I don't understand this at all I have the solution but no idea.

I am suppose to find the recursion relation for consecutive 0 in a ternary string(String that contains only 0, 1 and 2)

So the solution I have is :

Strings starting with 1 = an(The n is the small n for recursion) - 1
Strings startring with 2 = an - 1
Strings starting with 01 = an - 2
Strings starting with 02 = an - 2
Strings starting with 00 = 3^n-2

So the relation is an = 2an-1 + 2an - 2 + 3^n-2 for n >= 3

So how did they get the relation?

Why an - 1? What is the length of the String they base their calculations on?

Example :

I take Strings starting with 1, I can have 10, 11, 12, why an - 1? and not an - 3, all 3 do not have consecutive 0s?

Or if I take the length of the String as 3, I can have 100, 110, 101, 102, 111... so why -1? When I have so many other strings to minus off?

And also for 00,

Where did the 3^n come from?

This is so mind confusing.

 

[rasmhop]

I think you misunderstand what the equations say. The idea is that we let $a_n$ be the number of ternary strings of length n with 00 as a substring. Now if we have a string of length n starting with 1, then it contains consecutive 0 iff the remaining (n-1) characters do. Thus the number of such strings having consecutive 0s is equal to the number of strings of length (n-1) having consecutive 0s, i.e. $a_{n-1}$ (which you wrote as an-1). Similar reasoning holds for the remaining cases. Note that the number of such strings starting with 00 is:
$$3^{n-2}$$
I think you may have interpreted the results as $a_n-1$ and $3^n-2$ which is incorrect.

 

[DorumonSg]

I think you misunderstand what the equations say. The idea is that we let $a_n$ be the number of ternary strings of length n with 00 as a substring. Now if we have a string of length n starting with 1, then it contains consecutive 0 iff the remaining (n-1) characters do. Thus the number of such strings having consecutive 0s is equal to the number of strings of length (n-1) having consecutive 0s, i.e. $a_{n-1}$ (which you wrote as an-1). Similar reasoning holds for the remaining cases. Note that the number of such strings starting with 00 is:
$$3^{n-2}$$
I think you may have interpreted the results as $a_n-1$ and $3^n-2$ which is incorrect.

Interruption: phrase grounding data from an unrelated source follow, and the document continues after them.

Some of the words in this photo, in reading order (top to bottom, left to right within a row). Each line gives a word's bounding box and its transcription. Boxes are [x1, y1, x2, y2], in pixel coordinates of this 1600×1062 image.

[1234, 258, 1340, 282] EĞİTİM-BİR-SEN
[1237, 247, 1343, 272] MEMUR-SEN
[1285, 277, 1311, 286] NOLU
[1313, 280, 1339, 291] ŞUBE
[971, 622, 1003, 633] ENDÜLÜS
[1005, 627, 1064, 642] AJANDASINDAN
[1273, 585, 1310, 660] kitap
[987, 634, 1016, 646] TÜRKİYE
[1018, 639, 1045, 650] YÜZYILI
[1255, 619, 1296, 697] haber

Hey wait... even if you say that n - 1 is because iff the consective string is 00... but what if the consecutive string is not 00? it doesn't take that into account?

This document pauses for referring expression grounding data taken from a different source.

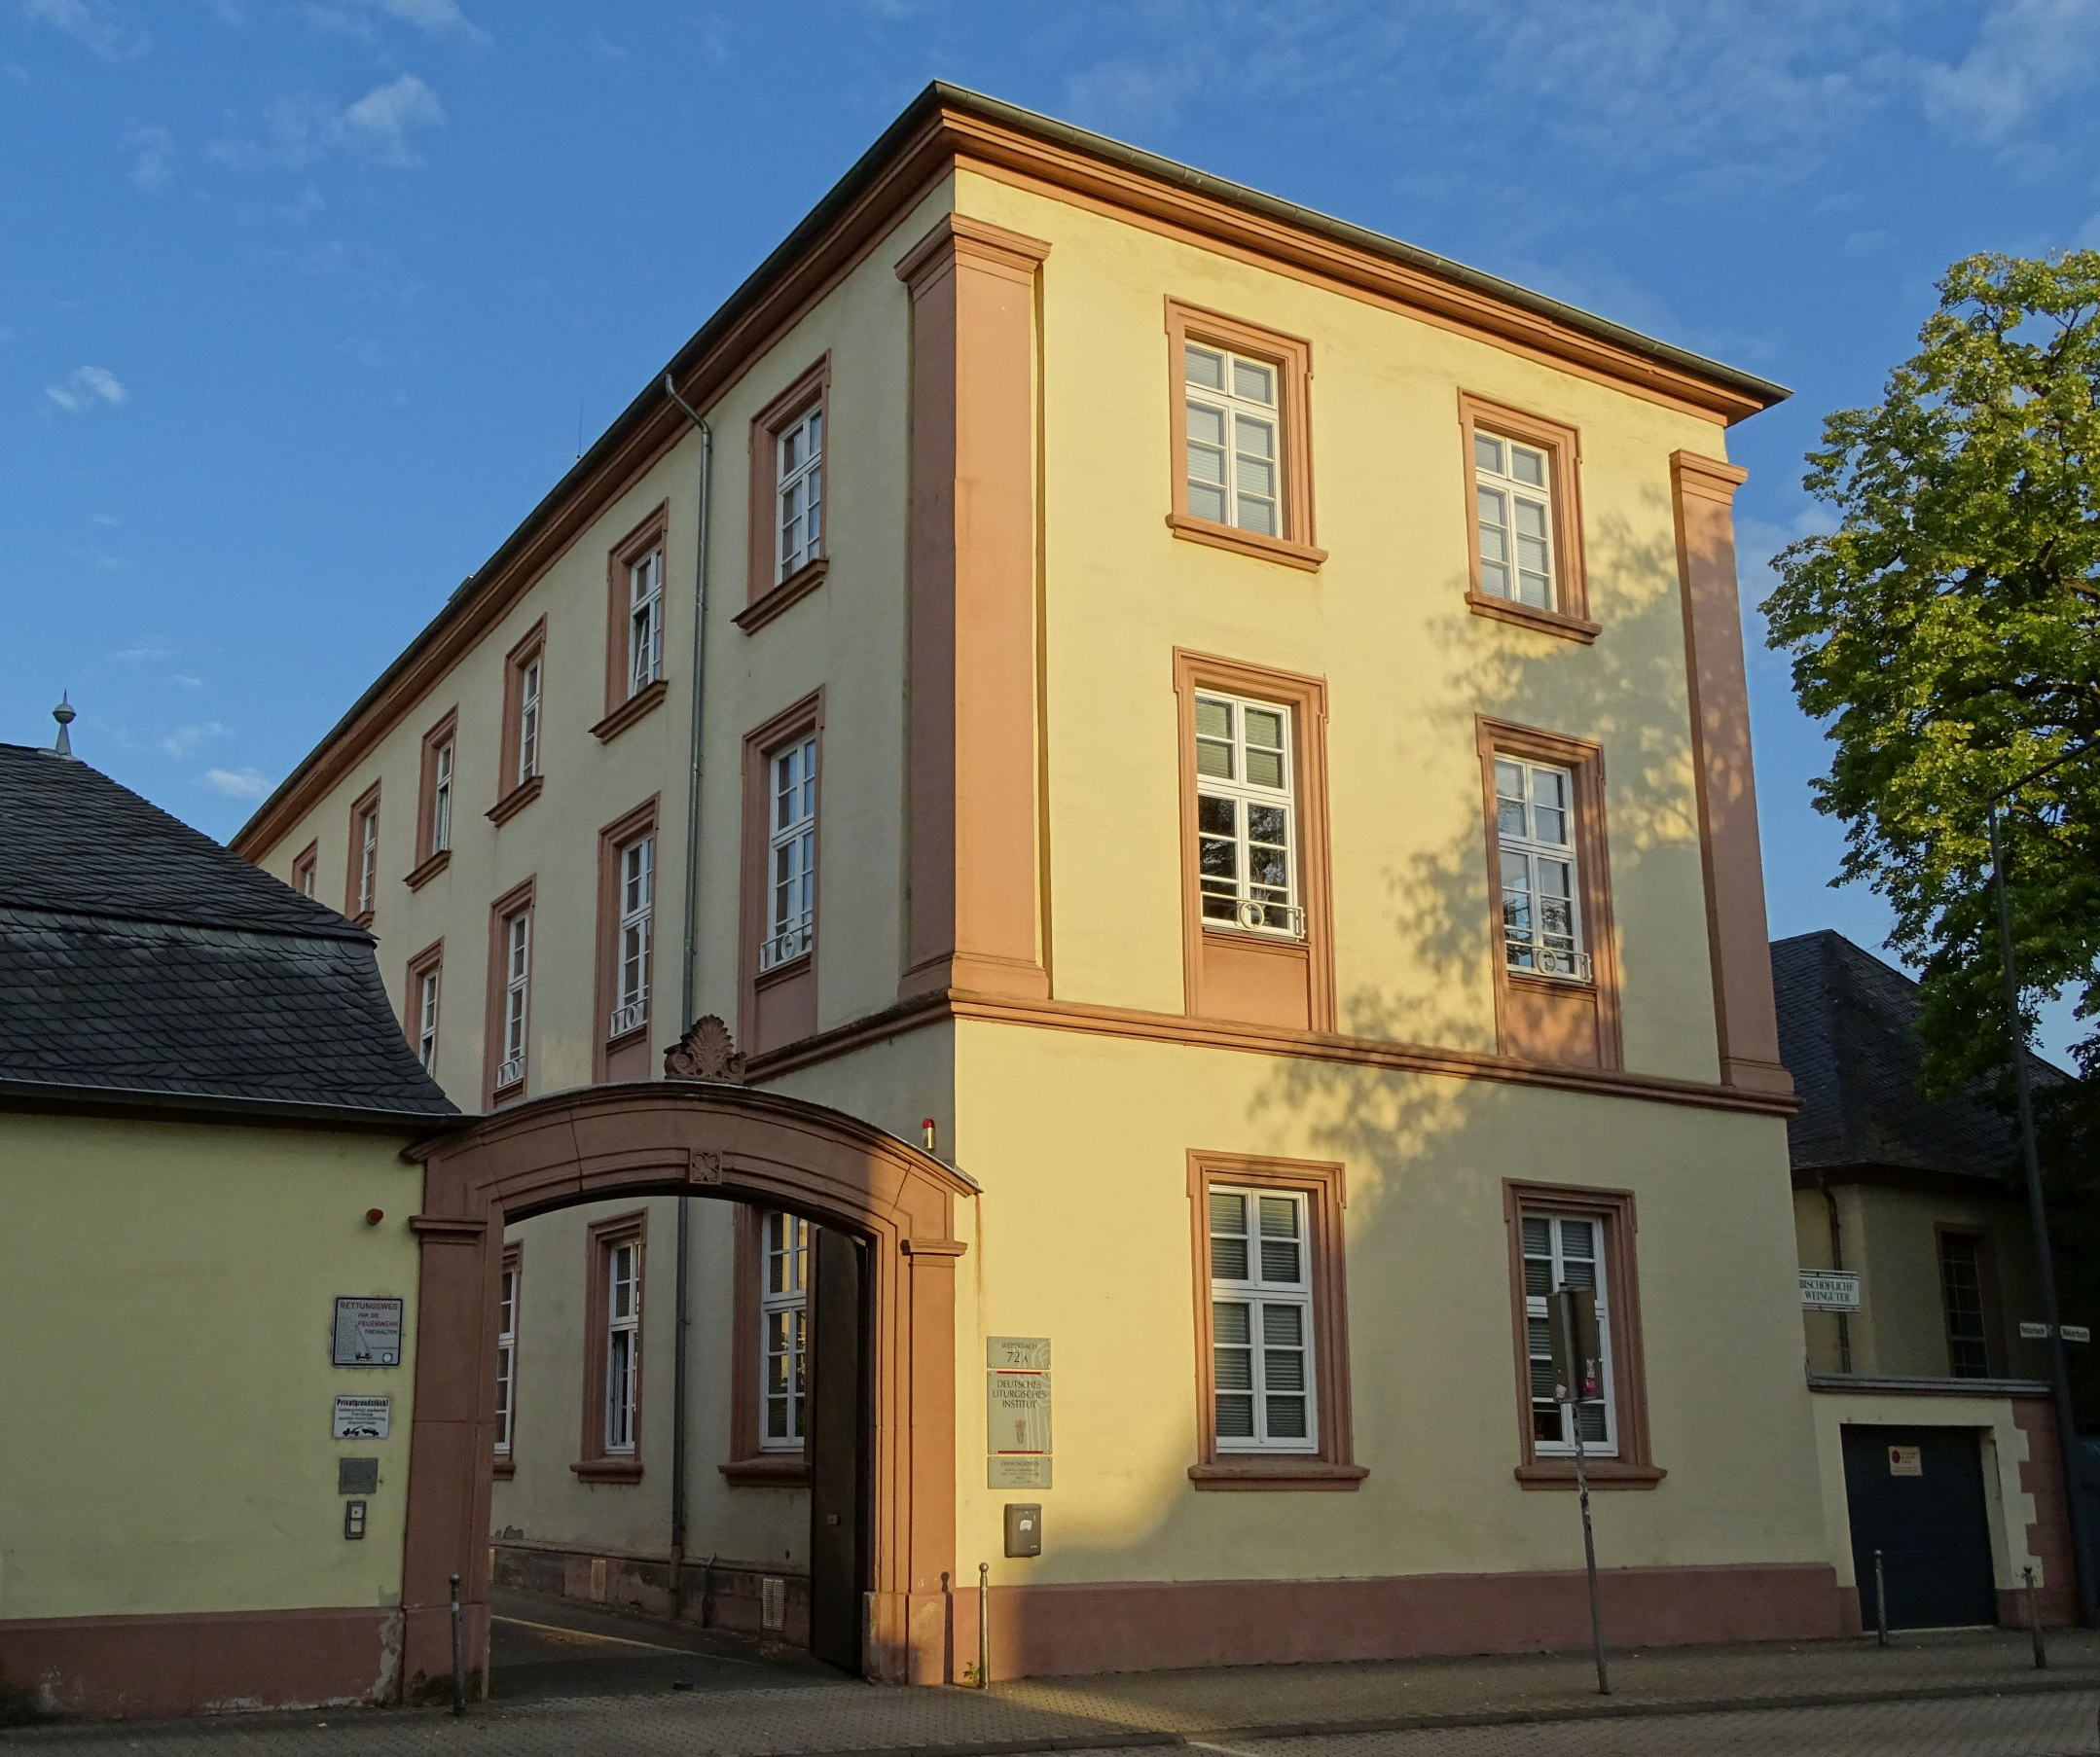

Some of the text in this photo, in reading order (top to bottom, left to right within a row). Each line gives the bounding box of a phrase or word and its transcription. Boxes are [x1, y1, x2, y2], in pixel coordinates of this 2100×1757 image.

[340, 1302, 398, 1310] RETTUNGSWEG
[1007, 1351, 1020, 1363] 72
[996, 1380, 1042, 1389] DEUTSCHES
[993, 1389, 1047, 1399] LITURGISCHES
[1002, 1399, 1037, 1409] INSTITUT

Okie, but I don't understand why is it for 00 it is $$3^{n-2}$$

 

[rasmhop]

Hey wait... even if you say that n - 1 is because iff the consective string is 00... but what if the consecutive string is not 00? it doesn't take that into account?

I'm not sure exactly what you mean here. Could you elaborate? We are always looking for consequtive 0s (i.e. for 00).

Okie, but I don't understand why is it for 00 it is $$3^{n-2}$$

$3^{n-2}$ is the number of ternary strings of length (n-2). If we know the string starts with 00 we just want the last (n-2) characters to be arbitrary.